Problem

Solution

Intuition

This problem requires not only counting the number of non-target values, but also rearranging the array to keep the target values in the beginnging of the array. The choice is given to make the values in the end of the array any value which leads to multiple solutions that have been posted.

Approach

This approach uses a slow and fast pointer as we would like to track the number of good elements while also iterating through all elements in the list. Using a fast and slow pointer also allows for easy access to the result which is just the position of the slow pointer as that relates to the number of good elements in the list.

We swap values on every iteration unless the fast value is a target value in which case it is kept in place. This will result in all target values continuously getting kicked towards the end of the list as the slow pointer will always kick towards the fast pointer.

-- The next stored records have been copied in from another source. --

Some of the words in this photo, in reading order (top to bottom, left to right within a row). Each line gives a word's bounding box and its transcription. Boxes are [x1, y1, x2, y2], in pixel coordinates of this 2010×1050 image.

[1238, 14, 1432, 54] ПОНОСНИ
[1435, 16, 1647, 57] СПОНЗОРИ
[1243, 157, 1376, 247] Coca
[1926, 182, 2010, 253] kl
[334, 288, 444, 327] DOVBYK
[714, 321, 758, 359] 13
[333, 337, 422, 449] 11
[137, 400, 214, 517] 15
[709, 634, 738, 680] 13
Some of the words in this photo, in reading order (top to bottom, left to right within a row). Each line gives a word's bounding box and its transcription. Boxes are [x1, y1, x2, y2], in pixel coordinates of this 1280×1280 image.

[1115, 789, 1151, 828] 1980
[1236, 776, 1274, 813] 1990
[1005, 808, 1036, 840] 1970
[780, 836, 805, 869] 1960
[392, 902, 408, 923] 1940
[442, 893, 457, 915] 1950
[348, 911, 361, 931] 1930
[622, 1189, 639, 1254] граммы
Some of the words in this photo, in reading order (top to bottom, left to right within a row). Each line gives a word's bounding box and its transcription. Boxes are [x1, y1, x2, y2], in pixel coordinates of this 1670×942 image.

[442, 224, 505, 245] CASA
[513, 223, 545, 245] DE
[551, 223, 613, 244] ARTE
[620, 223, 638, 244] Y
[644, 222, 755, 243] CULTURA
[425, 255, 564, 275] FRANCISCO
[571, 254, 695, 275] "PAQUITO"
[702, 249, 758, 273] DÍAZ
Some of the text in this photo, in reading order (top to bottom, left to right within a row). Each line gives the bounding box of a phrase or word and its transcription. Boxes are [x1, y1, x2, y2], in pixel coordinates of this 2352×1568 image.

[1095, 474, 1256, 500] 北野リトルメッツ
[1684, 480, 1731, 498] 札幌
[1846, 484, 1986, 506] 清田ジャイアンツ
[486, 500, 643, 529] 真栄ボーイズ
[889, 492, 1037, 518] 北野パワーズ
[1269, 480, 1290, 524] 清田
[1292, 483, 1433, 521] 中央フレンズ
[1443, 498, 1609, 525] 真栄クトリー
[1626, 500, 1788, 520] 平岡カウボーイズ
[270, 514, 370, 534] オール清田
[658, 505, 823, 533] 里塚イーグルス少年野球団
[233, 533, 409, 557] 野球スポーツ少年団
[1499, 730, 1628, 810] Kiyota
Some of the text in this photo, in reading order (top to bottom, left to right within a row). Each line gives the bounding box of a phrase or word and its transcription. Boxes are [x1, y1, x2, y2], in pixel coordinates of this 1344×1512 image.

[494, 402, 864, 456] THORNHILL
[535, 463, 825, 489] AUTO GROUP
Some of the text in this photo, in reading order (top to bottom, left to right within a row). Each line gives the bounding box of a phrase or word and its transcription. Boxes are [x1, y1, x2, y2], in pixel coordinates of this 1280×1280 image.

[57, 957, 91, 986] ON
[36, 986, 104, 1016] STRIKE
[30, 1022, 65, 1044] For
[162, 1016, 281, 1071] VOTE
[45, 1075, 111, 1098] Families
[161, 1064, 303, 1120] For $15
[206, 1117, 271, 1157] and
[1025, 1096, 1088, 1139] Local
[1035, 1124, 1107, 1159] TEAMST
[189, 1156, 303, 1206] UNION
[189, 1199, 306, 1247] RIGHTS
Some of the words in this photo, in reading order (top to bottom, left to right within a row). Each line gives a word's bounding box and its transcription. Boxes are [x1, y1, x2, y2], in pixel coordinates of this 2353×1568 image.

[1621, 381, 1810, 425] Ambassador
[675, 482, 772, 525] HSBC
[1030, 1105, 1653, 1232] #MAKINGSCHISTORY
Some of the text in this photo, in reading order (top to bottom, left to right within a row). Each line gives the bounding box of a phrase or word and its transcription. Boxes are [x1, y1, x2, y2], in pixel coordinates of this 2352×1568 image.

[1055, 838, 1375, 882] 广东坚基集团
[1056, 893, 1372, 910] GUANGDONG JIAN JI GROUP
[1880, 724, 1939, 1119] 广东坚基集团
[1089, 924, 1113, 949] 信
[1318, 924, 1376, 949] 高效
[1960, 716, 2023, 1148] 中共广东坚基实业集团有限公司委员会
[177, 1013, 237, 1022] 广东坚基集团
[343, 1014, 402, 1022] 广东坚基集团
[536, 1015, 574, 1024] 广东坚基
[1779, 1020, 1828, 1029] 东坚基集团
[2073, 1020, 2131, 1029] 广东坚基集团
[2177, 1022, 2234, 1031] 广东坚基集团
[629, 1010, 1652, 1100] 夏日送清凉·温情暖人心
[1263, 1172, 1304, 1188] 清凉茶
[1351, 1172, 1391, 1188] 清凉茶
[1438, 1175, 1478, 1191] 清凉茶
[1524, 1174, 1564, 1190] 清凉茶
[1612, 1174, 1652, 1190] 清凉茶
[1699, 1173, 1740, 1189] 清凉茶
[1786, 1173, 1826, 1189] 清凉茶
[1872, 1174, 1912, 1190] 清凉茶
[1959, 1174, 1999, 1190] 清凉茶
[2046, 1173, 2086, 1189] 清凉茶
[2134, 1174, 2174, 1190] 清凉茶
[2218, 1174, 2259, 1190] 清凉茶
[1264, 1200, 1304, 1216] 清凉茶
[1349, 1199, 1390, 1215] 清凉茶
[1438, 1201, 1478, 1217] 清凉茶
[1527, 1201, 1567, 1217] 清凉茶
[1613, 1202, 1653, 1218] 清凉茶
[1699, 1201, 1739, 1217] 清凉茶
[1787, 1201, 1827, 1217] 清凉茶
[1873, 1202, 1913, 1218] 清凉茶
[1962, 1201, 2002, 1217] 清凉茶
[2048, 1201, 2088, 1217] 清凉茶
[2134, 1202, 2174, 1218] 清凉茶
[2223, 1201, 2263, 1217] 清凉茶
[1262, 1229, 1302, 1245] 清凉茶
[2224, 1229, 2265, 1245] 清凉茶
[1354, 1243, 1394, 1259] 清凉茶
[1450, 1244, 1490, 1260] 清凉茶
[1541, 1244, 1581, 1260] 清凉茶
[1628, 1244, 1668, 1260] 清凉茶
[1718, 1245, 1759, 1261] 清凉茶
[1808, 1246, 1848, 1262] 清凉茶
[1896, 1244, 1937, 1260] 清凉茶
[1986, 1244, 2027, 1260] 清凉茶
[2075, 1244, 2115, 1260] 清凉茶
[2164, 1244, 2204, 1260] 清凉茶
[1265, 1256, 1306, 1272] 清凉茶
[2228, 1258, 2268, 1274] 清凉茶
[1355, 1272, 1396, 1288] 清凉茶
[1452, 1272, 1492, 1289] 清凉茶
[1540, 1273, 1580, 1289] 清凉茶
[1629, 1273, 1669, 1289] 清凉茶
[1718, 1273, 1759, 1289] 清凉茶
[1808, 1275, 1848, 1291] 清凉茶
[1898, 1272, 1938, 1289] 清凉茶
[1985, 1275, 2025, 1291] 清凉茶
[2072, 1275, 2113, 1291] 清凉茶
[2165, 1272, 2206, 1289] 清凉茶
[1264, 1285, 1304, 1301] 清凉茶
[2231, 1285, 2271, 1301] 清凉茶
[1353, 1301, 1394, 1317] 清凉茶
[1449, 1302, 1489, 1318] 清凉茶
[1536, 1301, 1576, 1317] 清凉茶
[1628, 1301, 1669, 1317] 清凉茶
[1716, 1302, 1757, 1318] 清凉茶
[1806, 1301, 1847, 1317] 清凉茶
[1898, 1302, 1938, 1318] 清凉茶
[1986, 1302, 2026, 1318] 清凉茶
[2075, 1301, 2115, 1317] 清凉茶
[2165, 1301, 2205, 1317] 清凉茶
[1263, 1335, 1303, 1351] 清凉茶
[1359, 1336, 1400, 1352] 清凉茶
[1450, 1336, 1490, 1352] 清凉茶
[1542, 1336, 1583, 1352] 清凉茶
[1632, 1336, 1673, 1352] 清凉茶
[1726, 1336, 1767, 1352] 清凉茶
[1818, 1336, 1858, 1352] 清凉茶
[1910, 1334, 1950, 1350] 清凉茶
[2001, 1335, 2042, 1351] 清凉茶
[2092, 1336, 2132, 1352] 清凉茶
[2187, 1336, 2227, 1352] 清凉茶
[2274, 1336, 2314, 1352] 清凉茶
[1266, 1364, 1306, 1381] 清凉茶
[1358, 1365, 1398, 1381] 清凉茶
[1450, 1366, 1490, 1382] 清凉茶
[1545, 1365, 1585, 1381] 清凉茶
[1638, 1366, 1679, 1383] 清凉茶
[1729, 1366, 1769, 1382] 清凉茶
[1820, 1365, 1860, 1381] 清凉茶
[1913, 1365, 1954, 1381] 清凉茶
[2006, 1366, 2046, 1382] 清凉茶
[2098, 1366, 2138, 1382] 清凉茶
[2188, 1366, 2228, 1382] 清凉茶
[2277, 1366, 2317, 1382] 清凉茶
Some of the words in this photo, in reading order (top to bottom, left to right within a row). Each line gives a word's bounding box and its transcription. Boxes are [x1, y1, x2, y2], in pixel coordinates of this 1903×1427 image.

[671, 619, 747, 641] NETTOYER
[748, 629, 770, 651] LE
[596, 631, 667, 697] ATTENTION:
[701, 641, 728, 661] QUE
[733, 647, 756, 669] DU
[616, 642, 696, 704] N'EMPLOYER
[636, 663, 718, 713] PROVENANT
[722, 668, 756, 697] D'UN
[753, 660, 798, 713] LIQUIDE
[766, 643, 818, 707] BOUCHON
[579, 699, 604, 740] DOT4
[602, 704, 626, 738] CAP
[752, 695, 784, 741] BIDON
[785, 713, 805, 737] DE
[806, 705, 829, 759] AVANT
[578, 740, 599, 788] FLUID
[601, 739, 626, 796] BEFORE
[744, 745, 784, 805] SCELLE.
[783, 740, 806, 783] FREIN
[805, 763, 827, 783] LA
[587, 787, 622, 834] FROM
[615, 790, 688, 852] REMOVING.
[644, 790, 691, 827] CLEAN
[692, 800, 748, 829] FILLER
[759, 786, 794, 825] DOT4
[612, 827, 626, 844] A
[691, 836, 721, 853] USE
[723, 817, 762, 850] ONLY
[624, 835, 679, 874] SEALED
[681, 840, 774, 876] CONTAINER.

When the fast pointer reaches the end, the slow pointer will have “swept” all target values to the end of the list and will point to the first position of a target value ensuring all previous values are good values.

Complexity

• Time complexity: $O(n)$ as we iterate through the list only one time doing a constant operation per iterative step.
• Space complexity: $O(1)$ as we do not create any new data structures and only use two variables.

Code

class Solution:
    def removeElement(self, nums: List[int], val: int) -> int:
        slow = 0
        for fast in range(len(nums)):
            if nums[fast] != val:
                nums[slow], nums[fast] = nums[fast], nums[slow]
                slow += 1
                        
        return slow